TCP protocol tuning can gouge out 10-20ms of detail
Many people ignore the transport layer optimization, in fact, every millisecond here is a real experience improvement. For example, adjusting the initial congestion window (initcwnd) from 10 to 16 can make small files load a circle faster. Another example is to open TCP Fast Open, the first packet RTT directly save 1/3.
Sharing a snippet of kernel parameter tuning that is tested and effective:
Don't forget the physical layer metaphysics
Once encountered a bizarre case: a CDN node latency periodically soaring high, and finally found that the air conditioning in the server room is timed to start resulting in temperature changes, the frequency of the network card crystal drift ...... This problem can not be found by looking at the monitoring charts, you have to squat in the server room in order to catch it. So when choosing a CDN vendor, it's best to see if they have a self-built server room, the quality control of the rented server room really depends on luck.
The new deal isn't a silver bullet, but it's worth a try.

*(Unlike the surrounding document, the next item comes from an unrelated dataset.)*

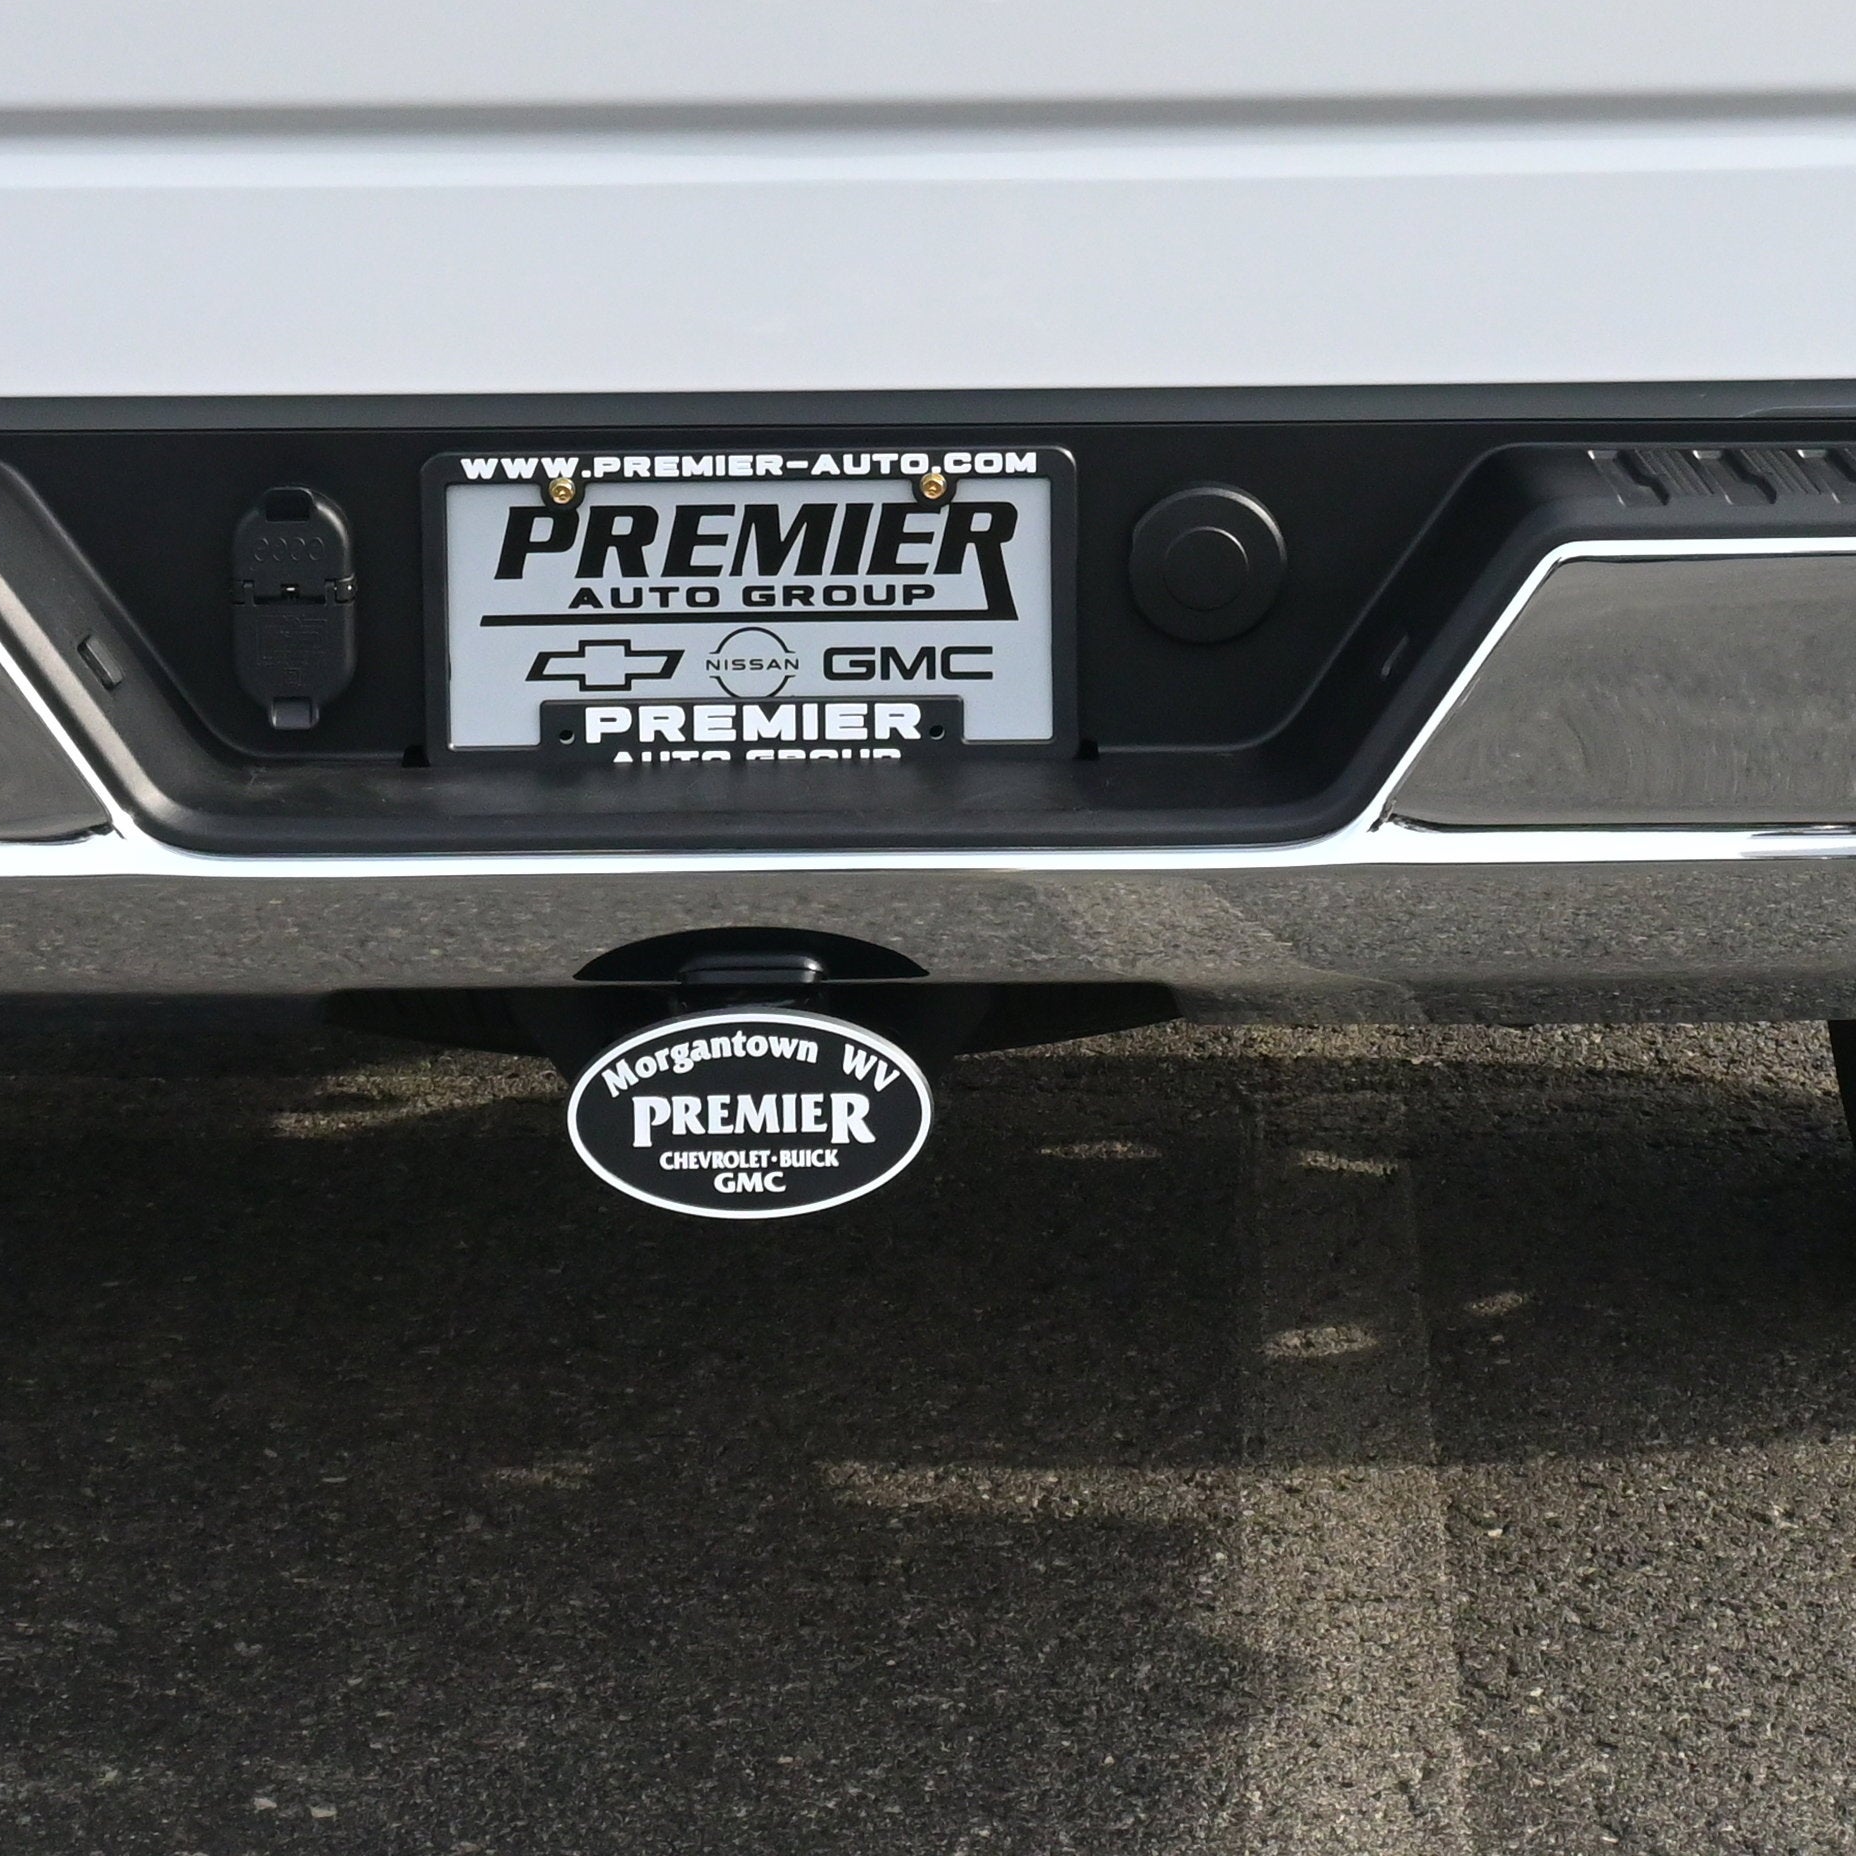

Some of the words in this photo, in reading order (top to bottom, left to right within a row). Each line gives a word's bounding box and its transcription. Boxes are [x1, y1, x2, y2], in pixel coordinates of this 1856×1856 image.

The QUIC protocol really performs amazingly well under mobile networks, especially weak network environments. But don't blindly switch the whole station, some old equipment compatibility can make you debug to doubt life. It is recommended to first use in the picture, video, these highly fault-tolerant resources, and then gradually promote after stabilization.
Actual data: QUIC under 4G network has 23% lower latency than TCP and 5 times faster packet loss recovery. However, the advantage under Wi-Fi environment is not obvious, and may even be worse because of the encryption overhead instead.
Use multi-dimensional indicators for monitoring
Just looking at average latency is self-defeating. I must look at the 95th percentile latency and latency variance, the latter is more reflective of the user experience - users would rather stabilize 150ms than a roller coaster ride of 80ms and 300ms. We recommend using WebPageTest's movie mode to truly restore user experience, which is much more intuitive than looking at numbers.
Lastly, to say a word of offense: some CDN vendors on the market node data moisture to be able to raise fish. The claim that 500 nodes can actually use less than 200, and even some with 1Gbps ports pretending to be 10Gbps. test must be used to run a full 24 hours of real business traffic, while using third-party tools to cross-verify.
A truly high-quality social high defense CDN should exist like air - users can't feel it, but they can't get away from it for a moment. Now every time I see a friend send a video loaded in seconds, I know that there is a team behind the routing optimization, node scheduling on every millisecond. This kind of technical people's hard work, is the hardest bottom of the user experience.